Cornelius abrió la puerta de su casa cuando el reloj de la iglesia cercana daba las tres. Aguardaba con ansia el inevitable enfrentamiento que se produciría cuando Margaret y Elizabeth se dieran cuenta de lo mucho que habían pagado en realidad. Sonrió mientras se dirigía a su estudio y consultó su reloj, preguntándose cuándo recibiría la llamada del señor Botts. El teléfono empezó a sonar justo cuando entraba en la habitación. Rió para sí. Era demasiado temprano para el señor Botts, de modo que debían ser Margaret o Elizabeth, que necesitarían verle con urgencia.
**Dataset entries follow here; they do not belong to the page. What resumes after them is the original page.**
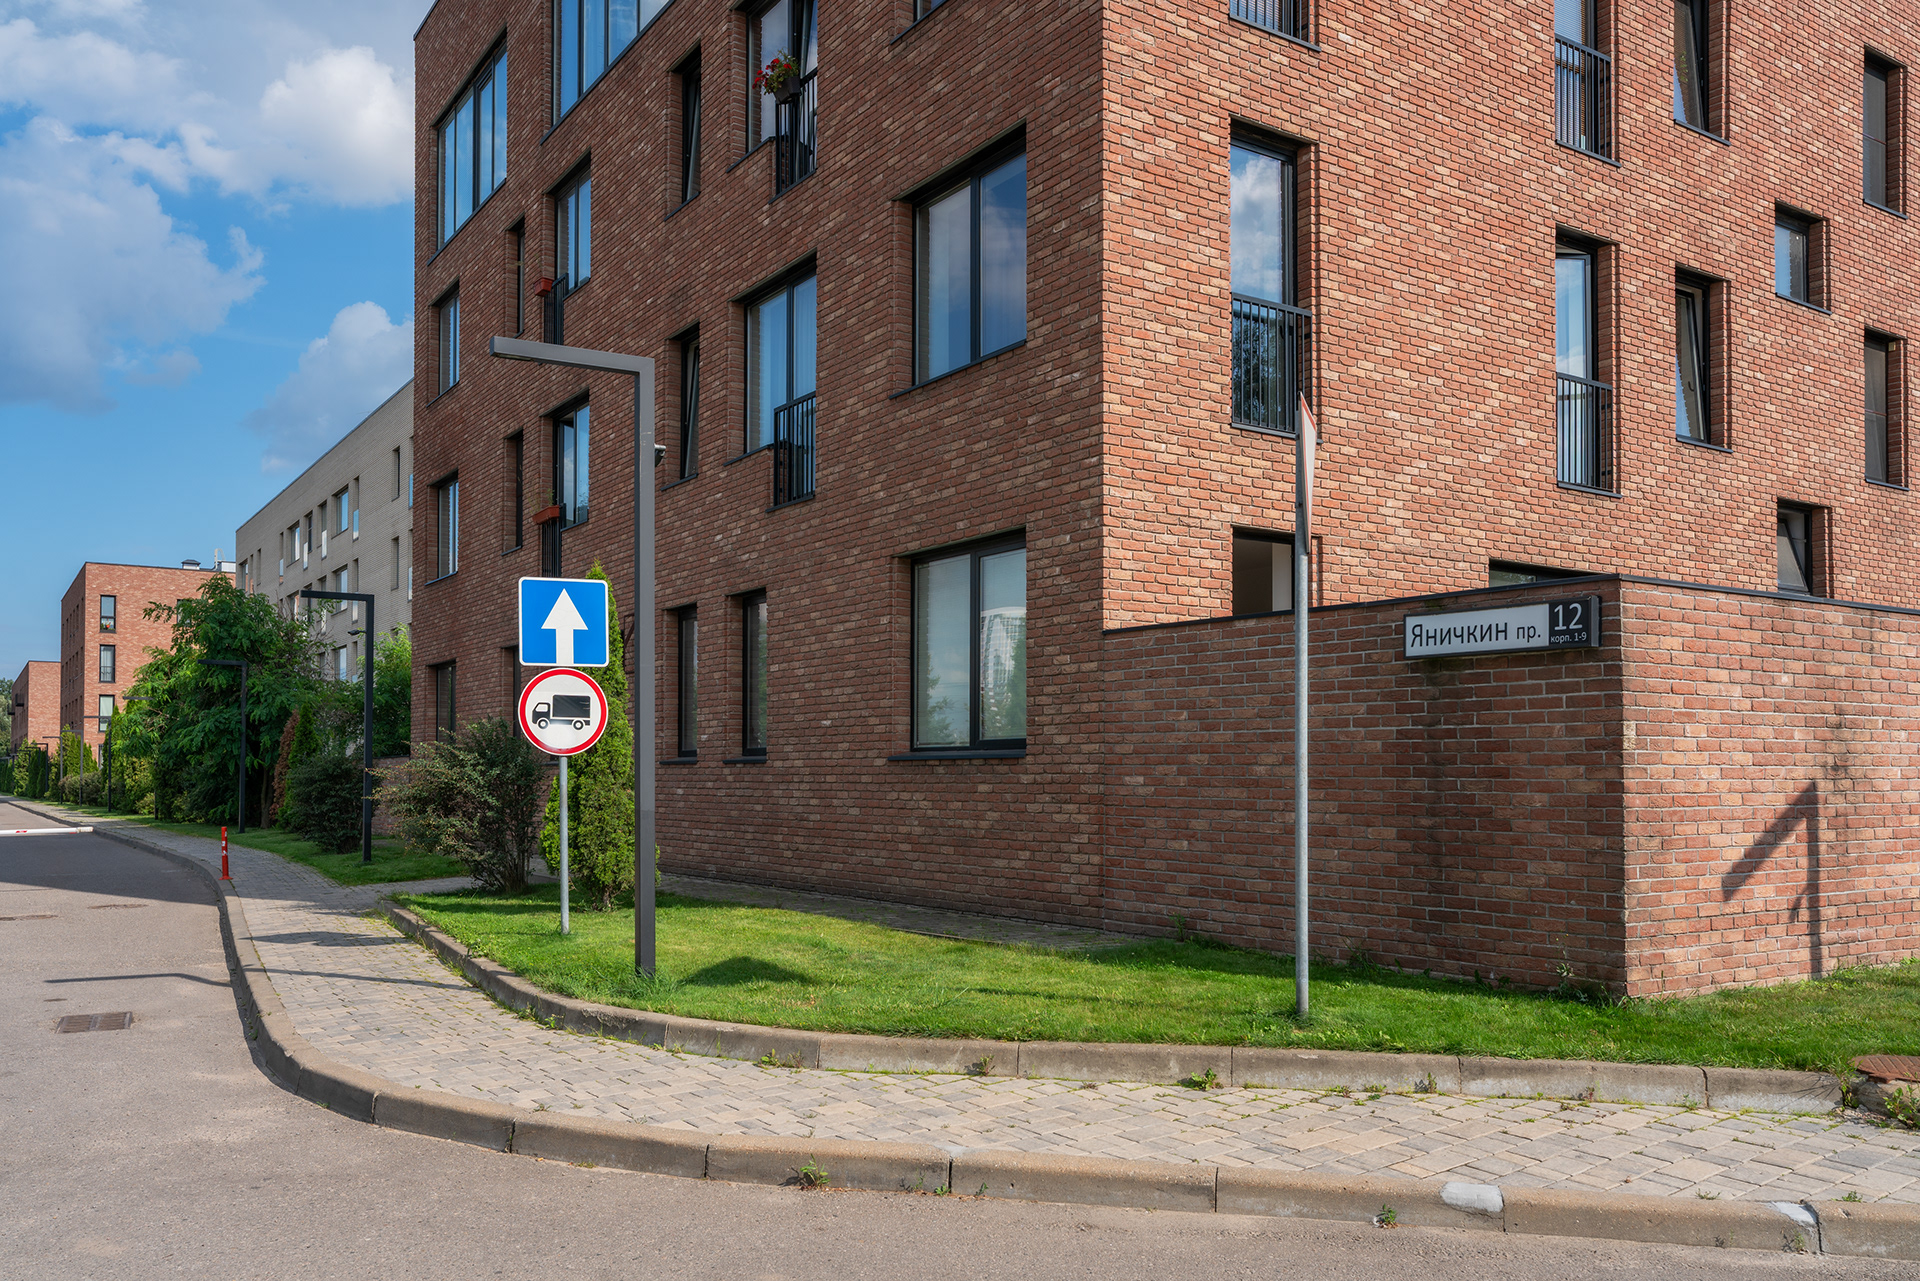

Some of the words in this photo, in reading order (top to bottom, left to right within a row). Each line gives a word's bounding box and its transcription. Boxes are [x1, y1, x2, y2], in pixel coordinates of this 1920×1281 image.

[1554, 602, 1583, 631] 12
[1410, 622, 1508, 648] Яничкин
[1516, 625, 1541, 643] пр.
[1550, 634, 1573, 644] корп.
[1574, 632, 1587, 641] 1-9
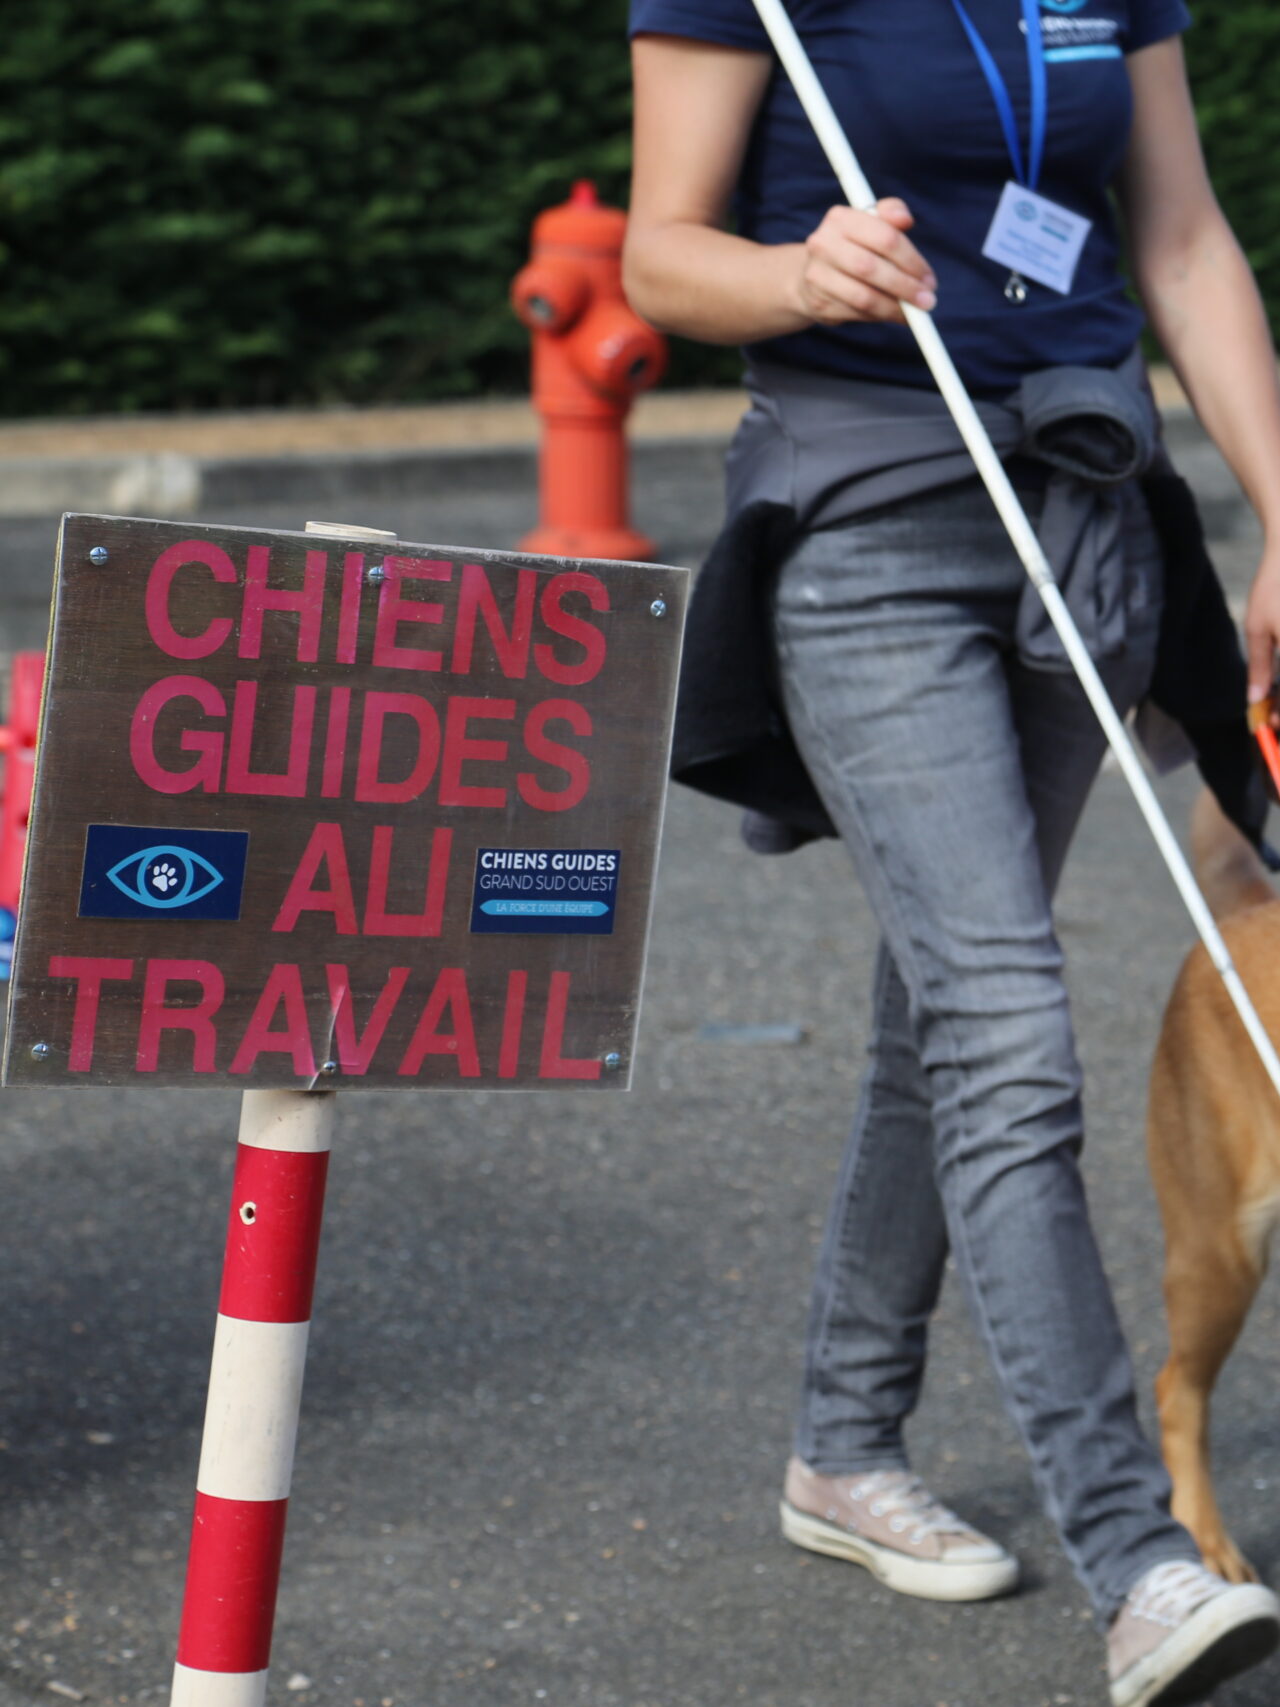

Descolgó el teléfono y oyó la voz de Frank al otro extremo de la línea.

– ¿Te acordaste de retirar el juego de ajedrez de la venta de la tarde? -preguntó Frank, sin molestarse en formalidades.

– ¿De qué estás hablando? -dijo Cornelius.

– De tu amado juego de ajedrez. ¿Has olvidado que, como no se vendió esta mañana, pasará automáticamente a la subasta de esta tarde? A menos que hayas dado orden de retirarlo, por supuesto, o advertido al señor Botts de su verdadero valor.

– Oh, Dios mío -exclamó Cornelius.

Colgó el teléfono y salió corriendo por la puerta, de modo que no oyó a Frank decir: «Estoy seguro de que una llamada al ayudante del señor Botts bastará».

Cornelius consultó su reloj mientras bajaba por el camino particular. Eran las tres y diez, de modo que la subasta acababa de empezar. Corrió hacia la parada del autobús, y trató de recordar cuál era el número de lote del juego de ajedrez. Solo pudo recordar que había ciento cincuenta y tres lotes en venta.

Mientras esperaba en la parada, moviendo los pies a causa del nerviosismo, escudriñó la calle con la esperanza de parar a un taxi. Al fin, vio con alivio que el autobús se dirigía hacia él. Aunque sus ojos no abandonaron ni un momento al conductor, no consiguió que corriera más.